If it’s windy, it’s easy to get demoralised and cycle gently and get nowhere. If I’m shouting my lungs out to some terrible music then it’s easier to push the speed, and even if I’m not then I’m still getting the workout as it’s pretty difficult shouting along, especially when they draw their words out, especially when you’re going up a hill. There’s also that joy that everyone can take from singing, even for those of us who are horrific.
We ended the day at a Pemex by the town of Sain Alto. They said it was fine for us to camp behind their store. We ate at the taco truck in front and got a few beers from the convenience store. It was an enjoyable evening sipping down the beers and watching the sun go down. It was a beautiful end to a tiring day.
The next morning I was up fairly early and go to wake Pedro up. Having had to get up at 6am all the time in New York for his job, he prefers to have a lie in, but I’m a tough taskmaster and so push him to wake up earlier than he would ideally like, although that’s probably about 10am.
It was 42km, the distance of a marathon, to the next town, and as there was minimal wind I figured it’d be no problem to get there before eating. I was wrong. The wind picked up just out of town and I was going at about 50-60% of my regular speed. I made it about half way before having to stop and wait for Pedro, who does a great job of carrying all the snacks, for about 30 minutes. He had stopped at the top of the hill before me to eat his snacks.
We crossed the Tropic of Cancer for the 3rd and final time and made it to the town to get some birria. It was delicious and did a great job of rejuvenating me. The next stop was in the town of Fresnillo, where we dropped in at the main church. The state of Zacatecas produces half of the silver in the world, and the church definitely looked like it. It was incredible with multiple diamond chandeliers, massive paintings and intricate metalwork.
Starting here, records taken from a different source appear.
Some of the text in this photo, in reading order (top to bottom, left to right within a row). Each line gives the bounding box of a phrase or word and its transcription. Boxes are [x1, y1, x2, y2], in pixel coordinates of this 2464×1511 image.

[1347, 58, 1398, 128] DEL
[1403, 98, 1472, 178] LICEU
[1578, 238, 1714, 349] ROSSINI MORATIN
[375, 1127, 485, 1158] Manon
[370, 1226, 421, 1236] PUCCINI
We were close enough that we could have probably made it up to Zacatecas, but had nowhere to stay and it’s easier to find a place to camp outside of a city. Going through a small town we found a drive-through beer shop that Pedro decided he needed to go to. He bought a big bottle of Corona (1.2l), put it in his rear jersey pocket and 5 seconds later it crashed to the floor. The car behind us was driven by a friendly guy who bought us a replacement bottle which we enjoyed sat on the corner of a busy junction in town. There was lots of strange looks from people, as well as drivers toasting us with the beer they had in their hand.
A little further down the road, we pulled off the road and found a place to throw up our tents. We were about 20km to Zacatecas, a very short ride in the morning to make the most out of the day as we race to get to DF before the 29th and the placement exam for the Spanish course.
The following day, we were up early and after a breakfast of cheese we headed up a narrow road that wound it’s way up to Zacatecas. We followed the signs to the cathedral and found the the Hostal Villa Colonial behind it which we had had recommended to us. We checked in and then headed out to see the silver city.